### Excerpted records ###

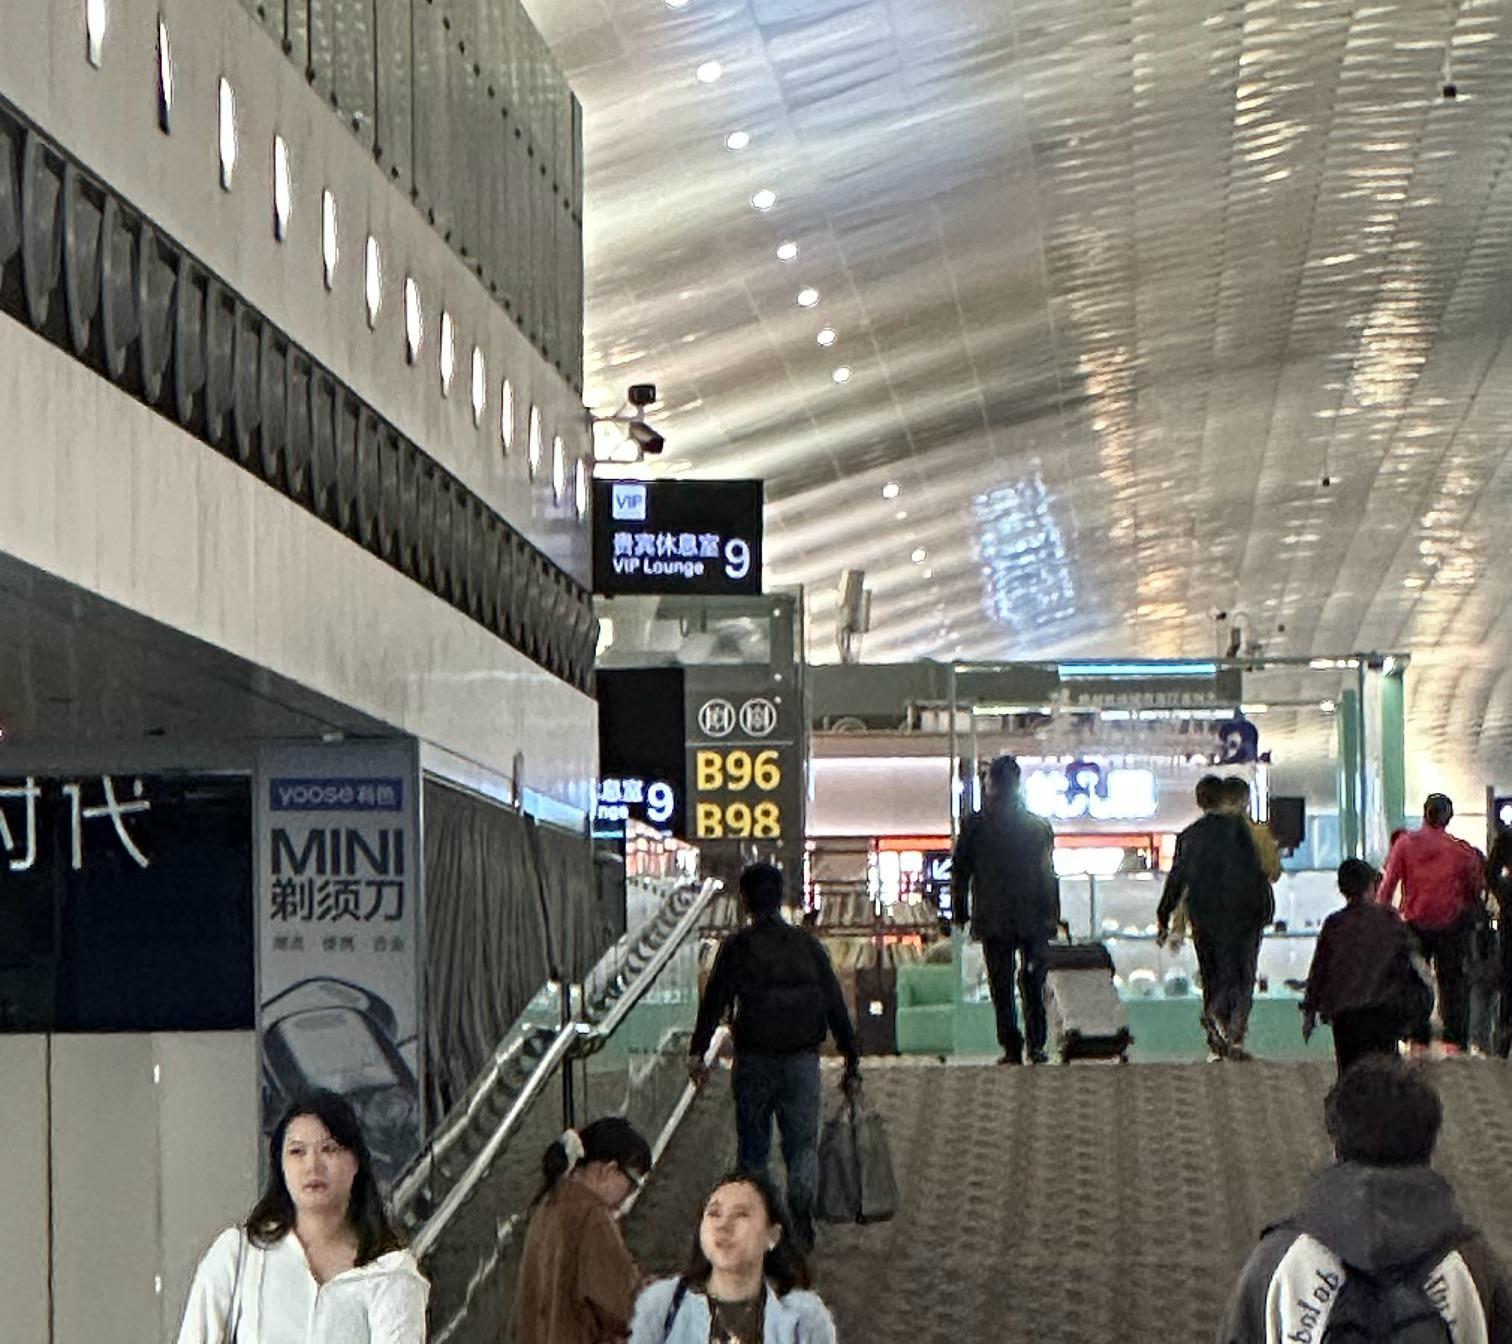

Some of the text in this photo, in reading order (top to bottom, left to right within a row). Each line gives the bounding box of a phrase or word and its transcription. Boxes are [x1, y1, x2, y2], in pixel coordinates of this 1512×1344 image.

[616, 494, 642, 510] VIP
[613, 557, 705, 578] VIP Lounge
[725, 538, 750, 579] 9
[697, 750, 781, 791] B96
[278, 785, 354, 806] yoose
[647, 782, 675, 823] 9
[697, 801, 781, 839] B98
[270, 827, 404, 876] MINI
[269, 877, 404, 922] 剃须刀

###

▶ **Exercise details**: For this exercise, output the records exactly but omit their pictures.

▶ **Result below**:
Some of the text in this photo, in reading order (top to bottom, left to right within a row). Each line gives the bounding box of a phrase or word and its transcription. Boxes are [x1, y1, x2, y2], in pixel coordinates of this 1512×1344 image.

[616, 494, 642, 510] VIP
[613, 557, 705, 578] VIP Lounge
[725, 538, 750, 579] 9
[697, 750, 781, 791] B96
[278, 785, 354, 806] yoose
[647, 782, 675, 823] 9
[697, 801, 781, 839] B98
[270, 827, 404, 876] MINI
[269, 877, 404, 922] 剃须刀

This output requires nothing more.